Um Big Data zu charakterisieren, wurden von vielen Medien häufig die drei "Vs" herangezogen: Diese stehen für die englischen Begriffe volume, velocity und variety. Auch dabei wird auf die absolute Menge abgestellt, aber dazu noch auf die Geschwindigkeit und die Vielfalt verwiesen. Einsichten schnell aus Daten gewinnen zu können, ist sicherlich von großem Vorteil. Was nützt etwa eine auf großen Datenmengen basierende Vorhersage, wenn die Auswertung so lange dauert, dass sie zu spät kommt? Auch dass die Datenvielfalt zunimmt und im Kontext von Big Data immer öfter unterschiedliche Daten verknüpft werden, steht außer Zweifel. Aber so sehr Geschwindigkeit und Datenvielfalt bei Big Data regelmäßig auftreten, so schwer ist vorstellbar, dass diese beiden Eigenschaften auch konstitutiv sind. Viel wahrscheinlicher sind die drei Vs nur Hinweise auf dahinter liegende, fundamentalere Eigenschaften.

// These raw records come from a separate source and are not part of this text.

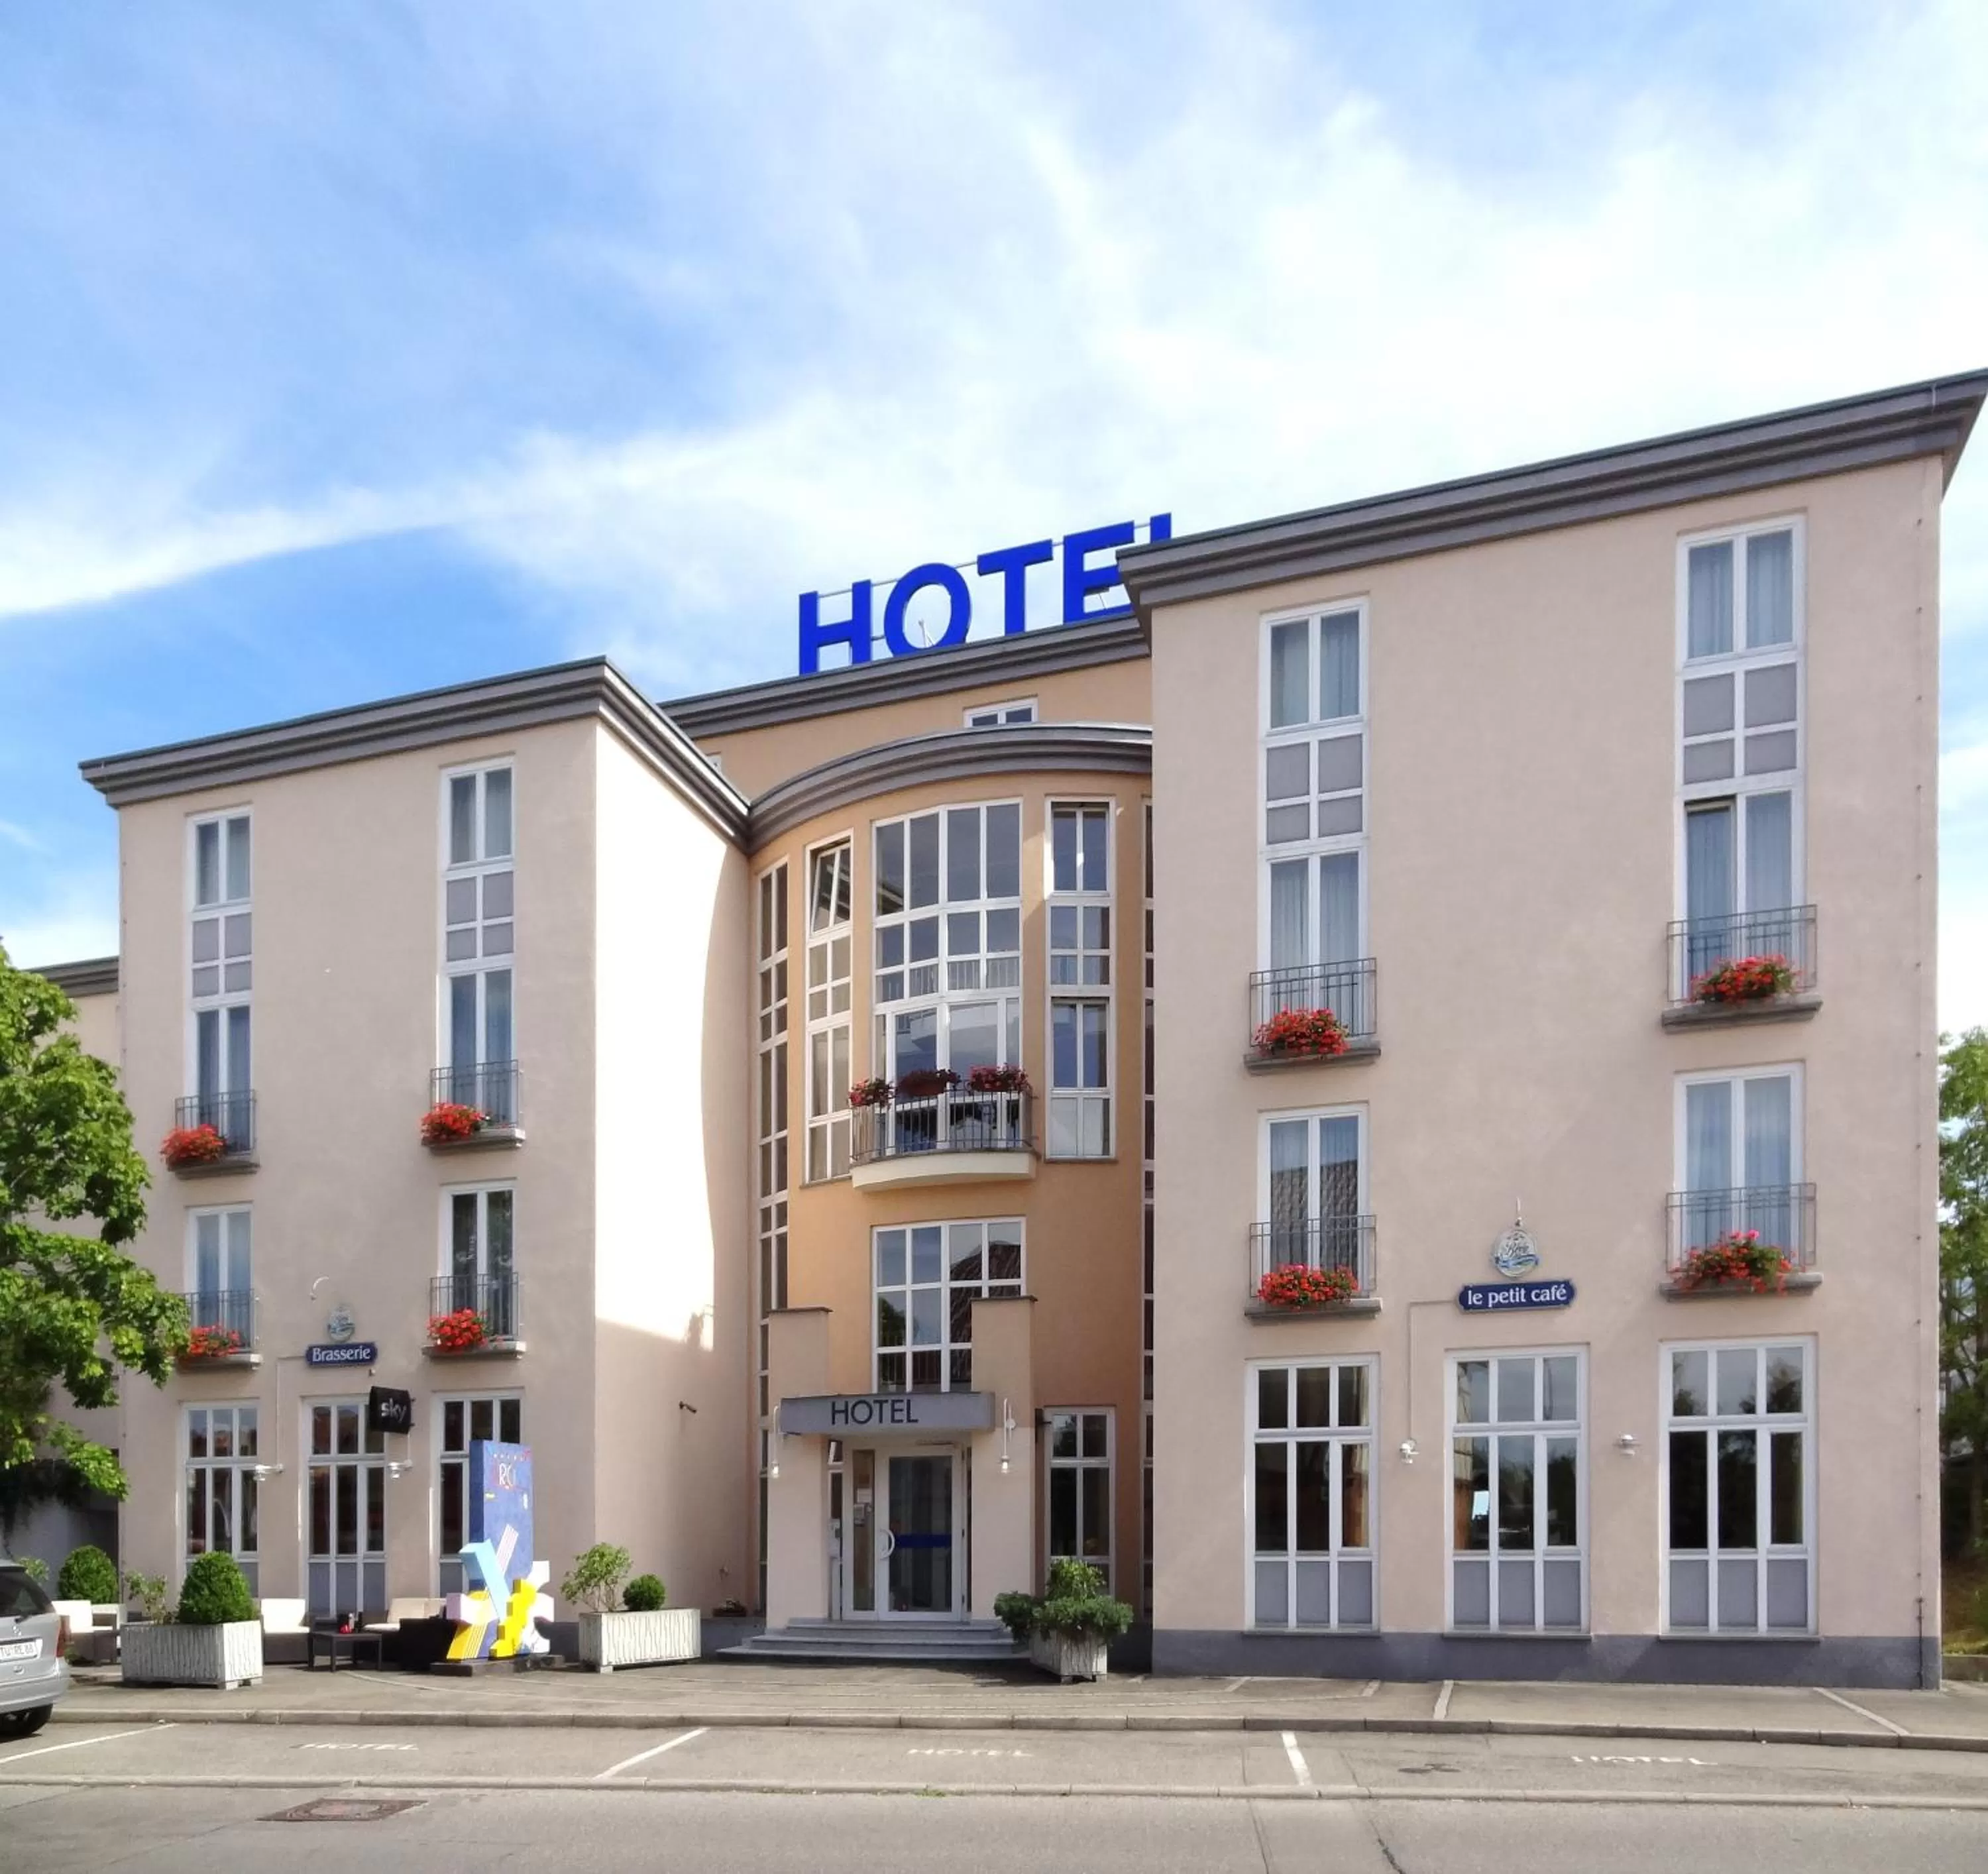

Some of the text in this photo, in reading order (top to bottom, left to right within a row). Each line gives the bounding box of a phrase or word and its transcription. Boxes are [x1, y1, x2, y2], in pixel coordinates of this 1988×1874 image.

[799, 512, 1172, 677] HOTE
[1468, 1284, 1567, 1307] le petit café
[312, 1345, 372, 1362] Brasserie
[381, 1397, 407, 1423] sky
[831, 1399, 919, 1425] HOTEL
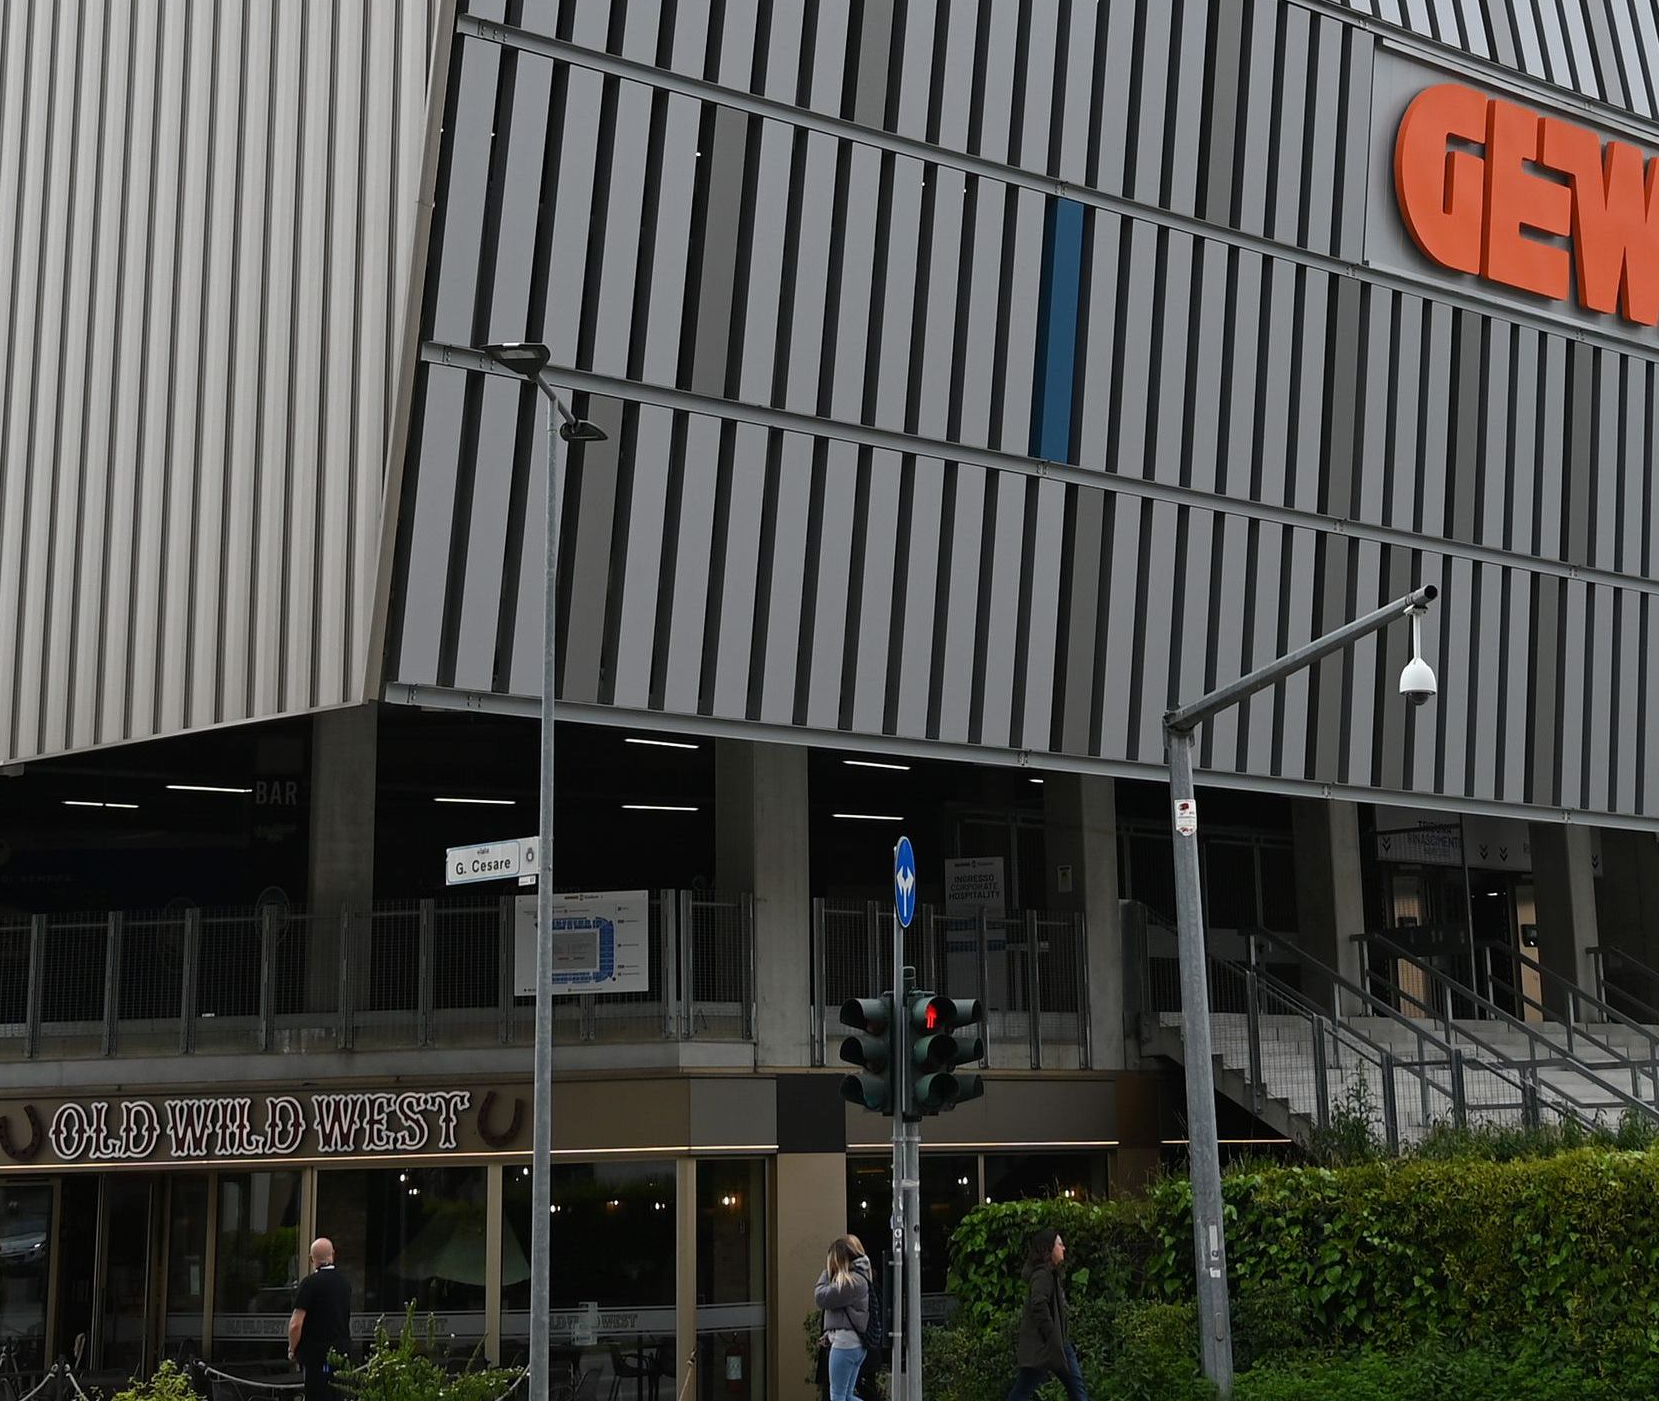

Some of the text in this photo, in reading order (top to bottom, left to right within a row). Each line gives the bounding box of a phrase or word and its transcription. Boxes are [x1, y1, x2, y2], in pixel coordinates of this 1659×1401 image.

[255, 780, 297, 806] BAR
[455, 858, 511, 875] G. Cesare
[954, 873, 994, 884] INGRESSO
[948, 891, 1000, 901] HOSPITALITY
[49, 1090, 471, 1160] OLD WILD WEST
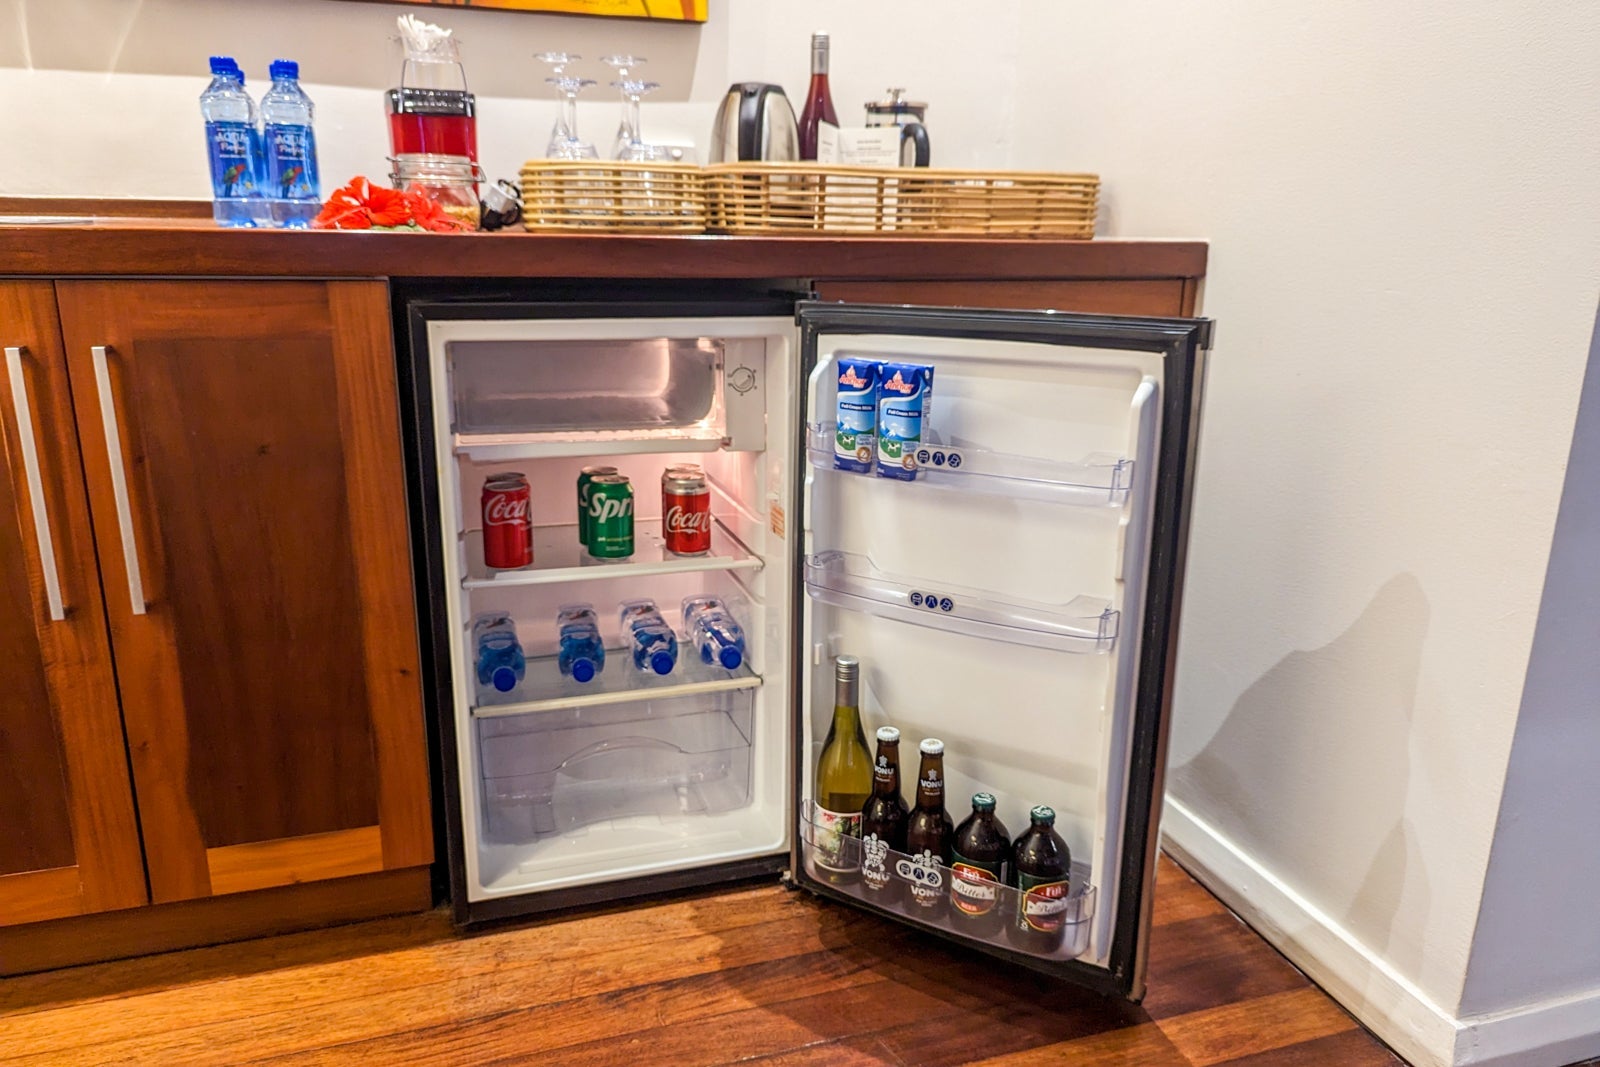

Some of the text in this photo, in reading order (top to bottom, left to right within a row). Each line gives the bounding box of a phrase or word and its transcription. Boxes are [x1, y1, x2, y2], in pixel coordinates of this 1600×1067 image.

Was diese grundlegenden Eigenschaften sind, erhellt sich vielleicht, wenn wir verstehen, dass Big Data uns neue Einsichten in die Wirklichkeit eröffnet. Big Data ist also weniger eine neue Technologie denn eine neue oder jedenfalls signifikant verbesserte Methode der Erkenntnisgewinnung. Mit Big Data verbindet sich die Hoffnung, dass wir die Welt besser verstehen – und abgeleitet von diesem Verständnis bessere Entscheidungen treffen. Als Extrapolation der Vergangenheit und der Gegenwart erwarten wir, bessere Vorhersagen über die Zukunft machen zu können. Wieso aber verbessert Big Data menschliche Erkenntnis?

Relatives Mehr an Daten

In Zukunft werden wir relativ zum Phänomen, das wir verstehen wollen, oder der Frage, die wir beantworten wollen, deutlich mehr Daten sammeln und auswerten. Es geht also nicht um die absolute Zahl an Daten, sondern um ihre relative Größe. Menschen haben seit jeher versucht, die Welt zu erklären, indem sie diese beobachteten. Das Sammeln und Auswerten von Daten ist also ganz ursprünglich mit menschlicher Erkenntnis verbunden. Aber diese Arbeit der Datenerfassung und -analyse war stets auch mit hohem Zeit- und Kostenaufwand verbunden. Als Folge entwickelten wir Methoden und Verfahren, Strukturen und Institutionen, die darauf ausgelegt waren, mit möglichst wenigen Daten auszukommen.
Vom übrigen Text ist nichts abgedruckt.